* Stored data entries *
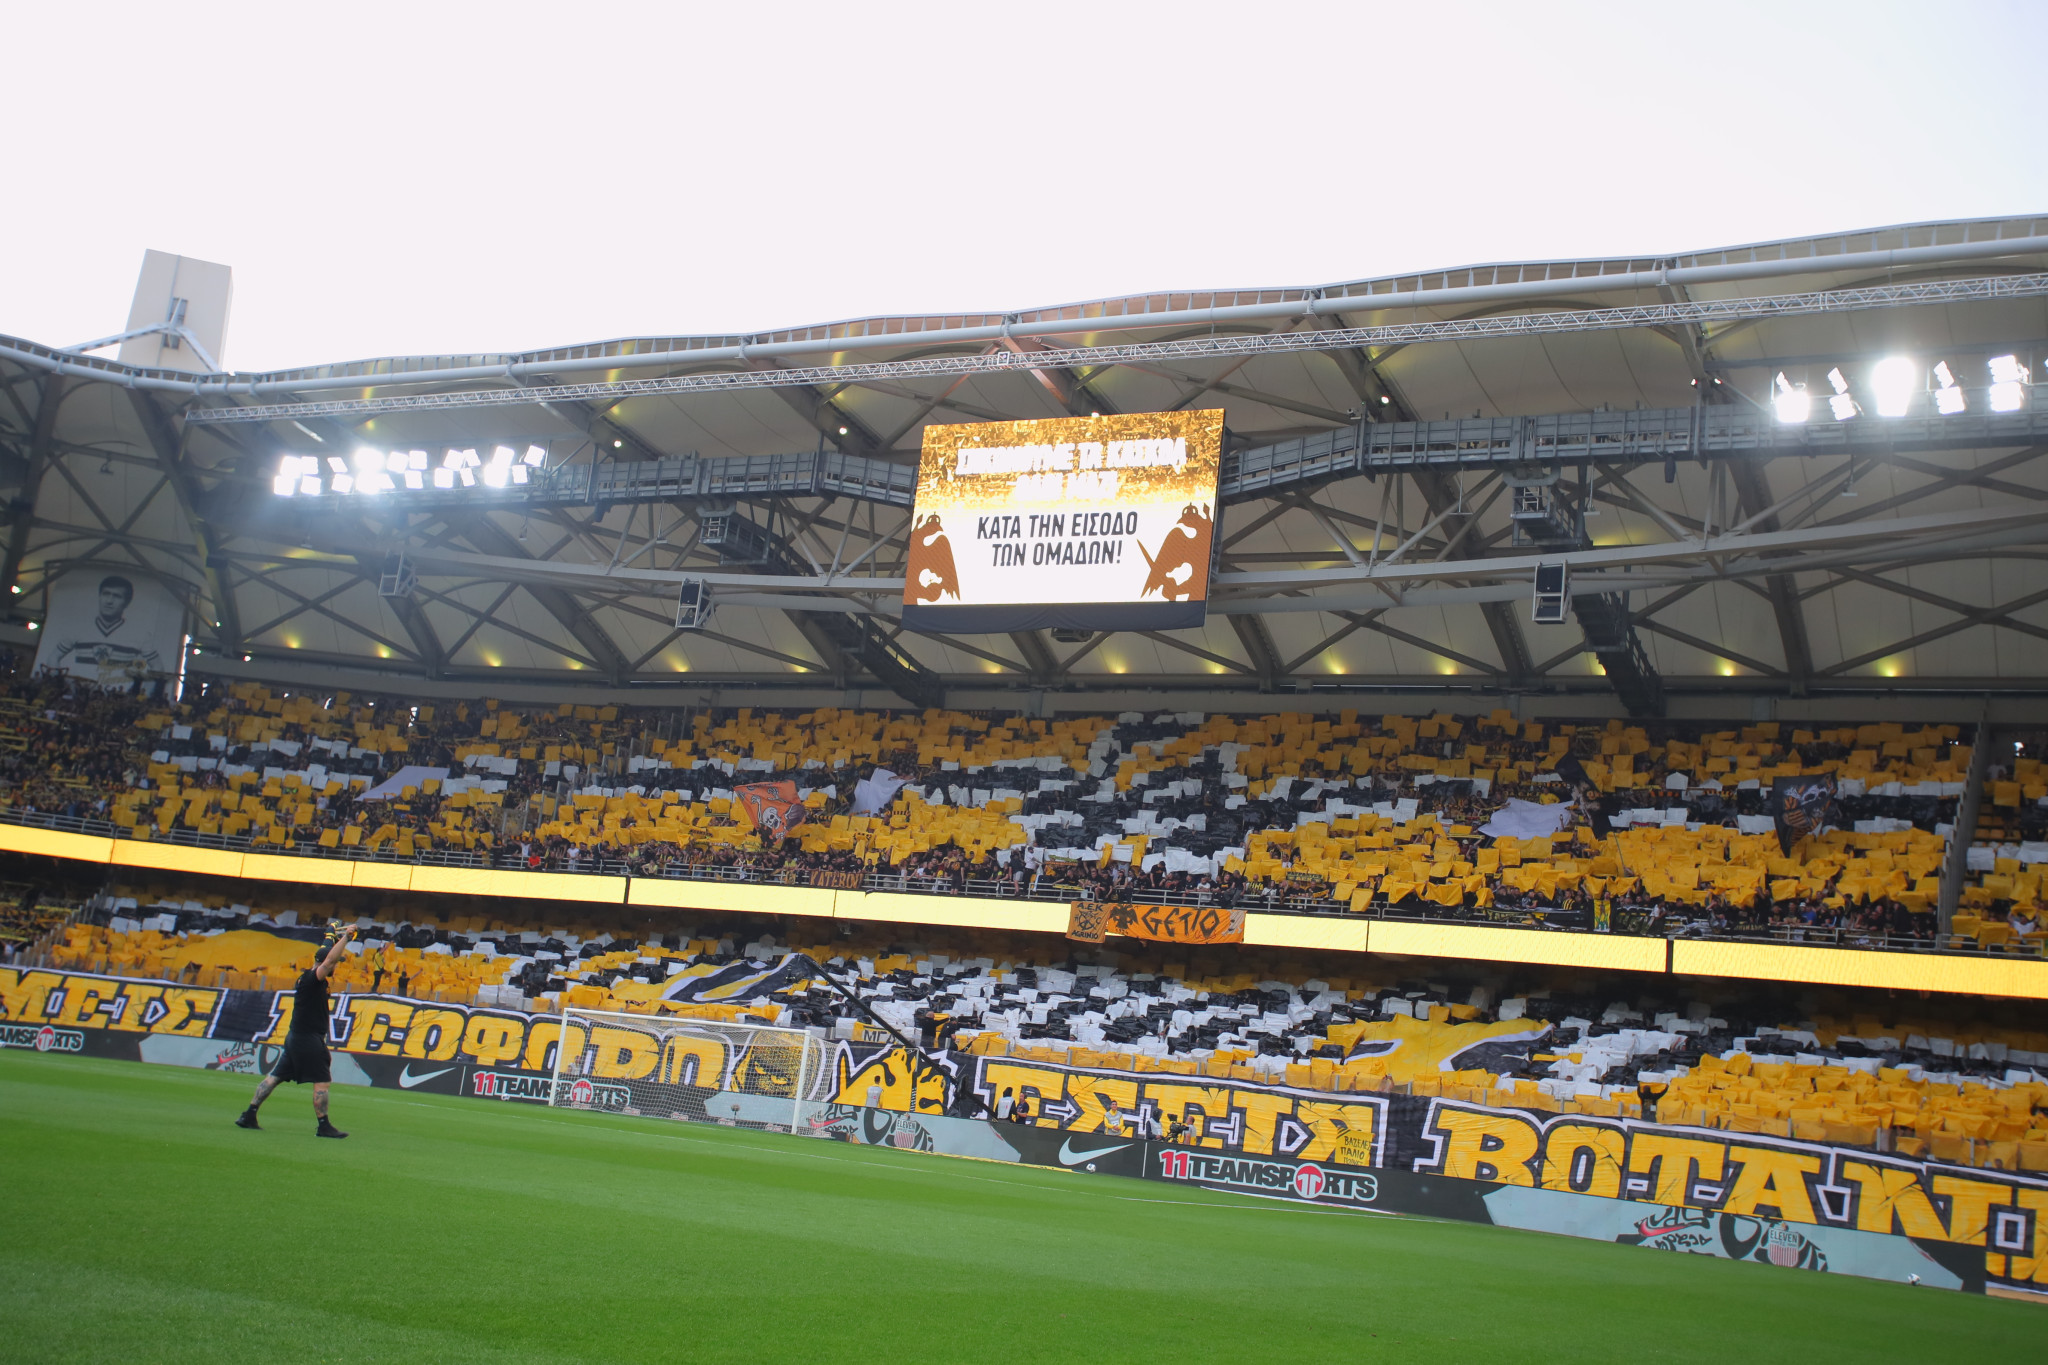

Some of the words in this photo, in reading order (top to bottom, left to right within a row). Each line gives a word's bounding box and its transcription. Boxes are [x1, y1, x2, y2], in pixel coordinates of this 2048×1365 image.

[977, 515, 1021, 539] ΚΑΤΑ
[1029, 513, 1065, 537] ΤΗΝ
[1071, 511, 1138, 537] ΕΙΣΟΔΟ
[992, 543, 1026, 566] ΤΩΝ
[1032, 540, 1122, 566] ΟΜΑΔΩΝ!
[1072, 930, 1099, 939] AGRINIO
[897, 1119, 916, 1129] ELEVEN
[1159, 1149, 1377, 1202] 11TEAMSPORTS
[1770, 1229, 1798, 1243] ELEVEN
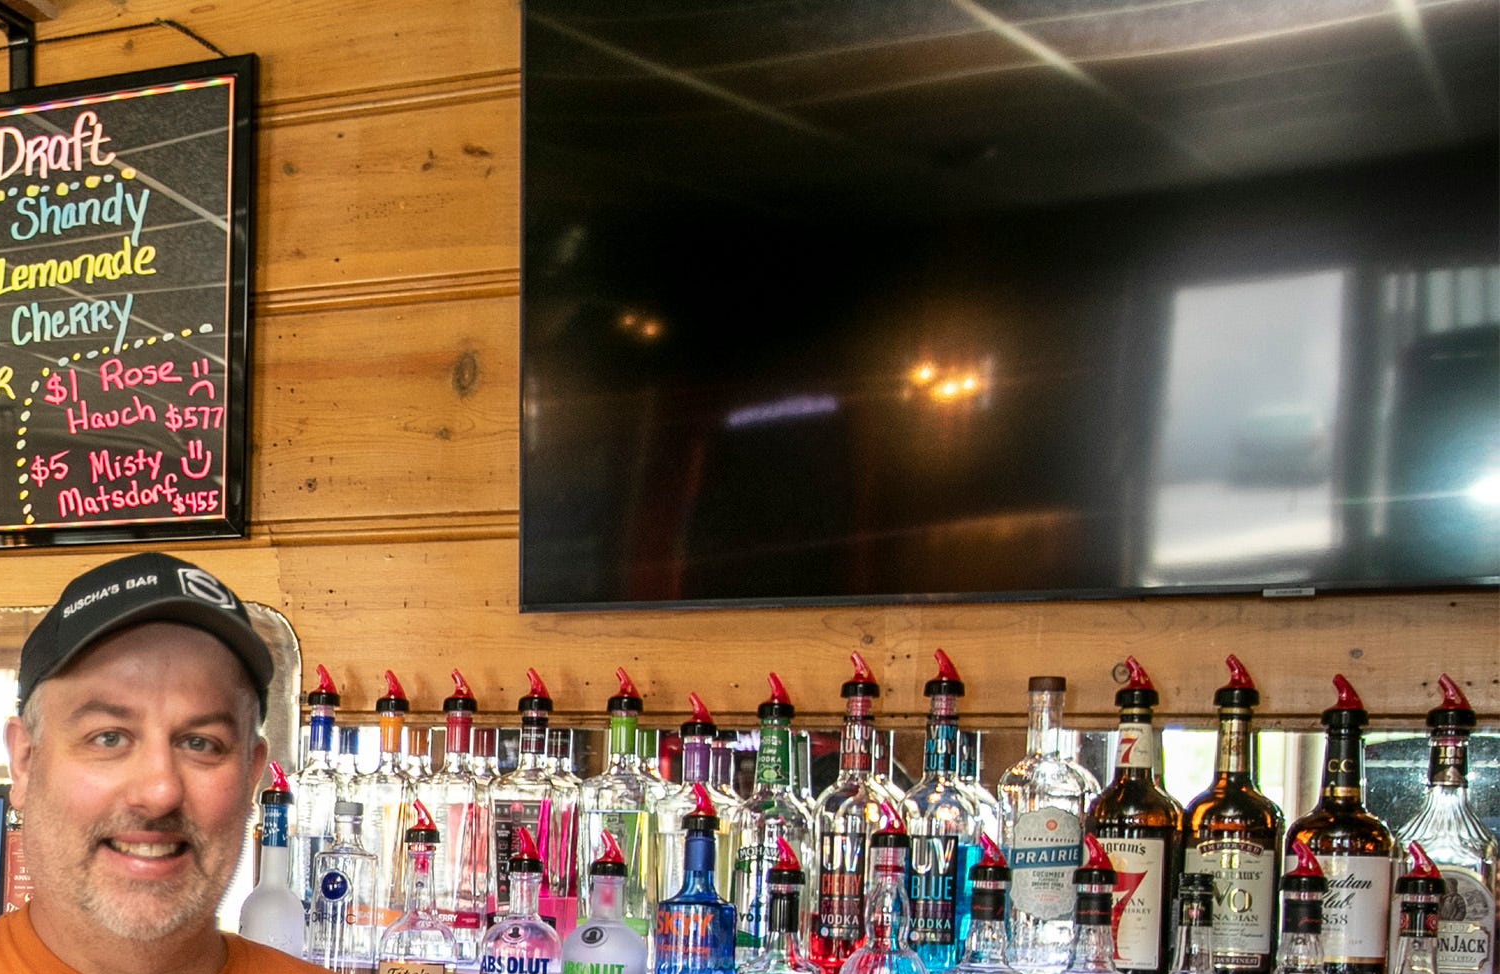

* Work order *
Restate the preceding entries in full, word for word, with the pictures removed.

* Exercise output *
Some of the words in this photo, in reading order (top to bottom, left to right within a row). Each line gives a word's bounding box and its transcription. Boxes are [x1, y1, x2, y2], in pixel coordinates of this 2048×1365 image.

[977, 515, 1021, 539] ΚΑΤΑ
[1029, 513, 1065, 537] ΤΗΝ
[1071, 511, 1138, 537] ΕΙΣΟΔΟ
[992, 543, 1026, 566] ΤΩΝ
[1032, 540, 1122, 566] ΟΜΑΔΩΝ!
[1072, 930, 1099, 939] AGRINIO
[897, 1119, 916, 1129] ELEVEN
[1159, 1149, 1377, 1202] 11TEAMSPORTS
[1770, 1229, 1798, 1243] ELEVEN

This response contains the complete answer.